【10月5日 AFP】欧州を目指してリビア沖の地中海(Mediterranean)を航行していた木造船内で4日、移民少なくとも22人が死亡しているのが見つかった。船内は過密状態で犠牲者の大半は窒息死だった。現場を取材したAFPのカメラマンが伝えた。

 船内取材を許されたアリス・メシニス(Aris Messinis)カメラマンは「木造の船で3フロアに合計でおよそ1000人が乗っていた。自分で遺体を数えたところ22人に上った。
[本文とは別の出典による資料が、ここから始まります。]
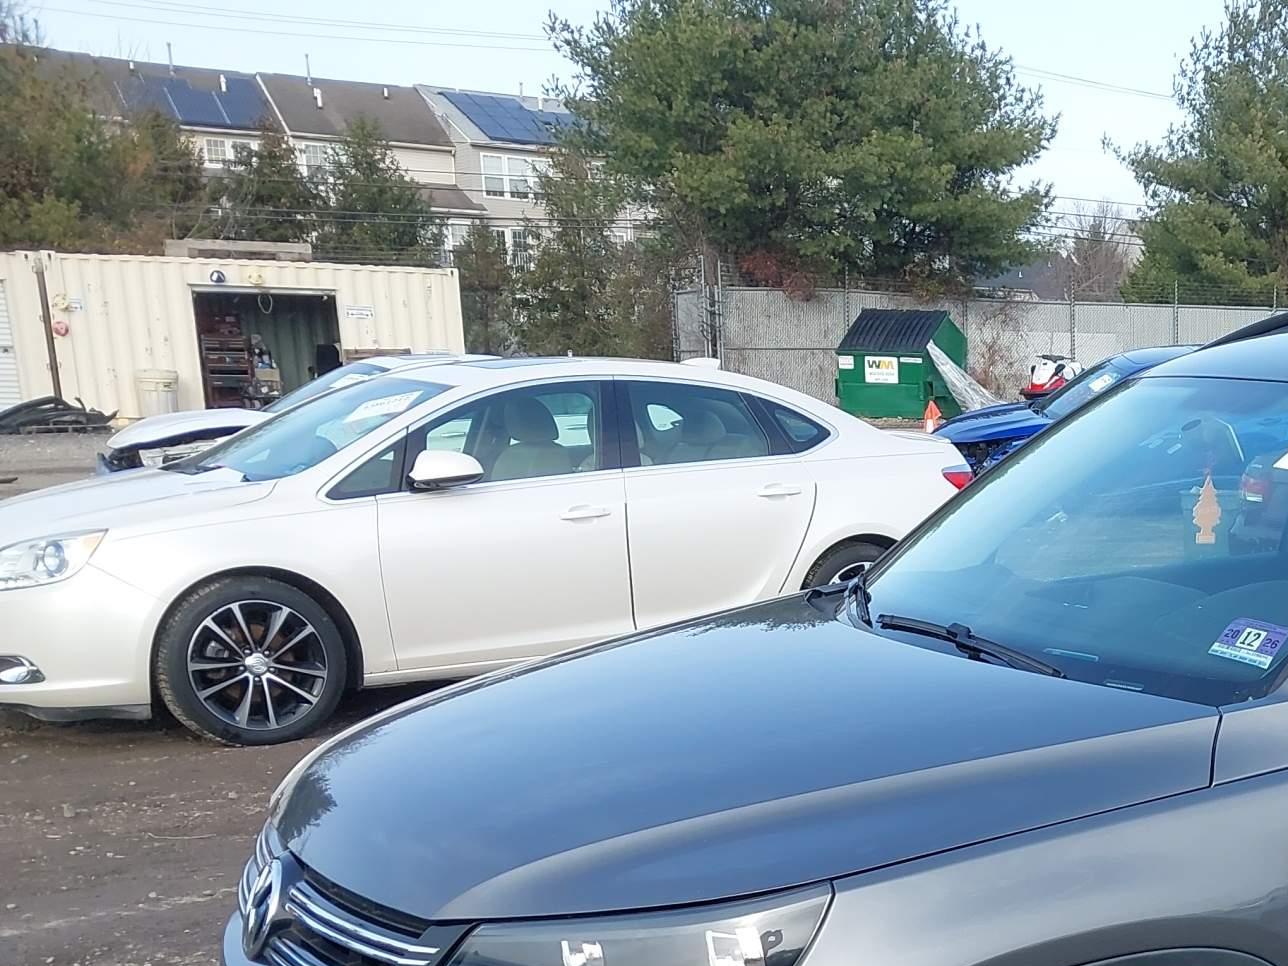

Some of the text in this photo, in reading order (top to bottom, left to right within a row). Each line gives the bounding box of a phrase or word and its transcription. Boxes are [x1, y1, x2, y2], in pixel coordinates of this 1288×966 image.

さらに船倉内にも遺体があった」と電話で語った。

 メシニスカメラマンは、海難に見舞われた移民の救助活動を行っているスペインのNGO「プロアクティバ・オープン・アームズ(Proactiva Open Arms)」がチャーターした船「アストラル(Astral)号」に乗り込んでいた。

 同カメラマンによると、アストラル号の救助隊員らは生存者の手当てと遺体の収容をイタリア海軍に引き継いだという。

 リビア沖では3日に移民6000人余りが救助されていた。これらの移民を送り届けるため、多数の救助船がイタリアへ向かう中、アストラル号だけが数時間にわたってその場にとどまり、超満員の木造船の対応を任された。

 イタリア海軍が同日正午ごろに到着するまでは、スペイン軍機が投げ落とした救命ボートだけが頼りだった。メシニスカメラマンは「船内はパニック状態だった。人々は海へ飛び込んでいた」と証言した。4日未明に始まったアストラル号の救出活動は、夕方まで続いたという。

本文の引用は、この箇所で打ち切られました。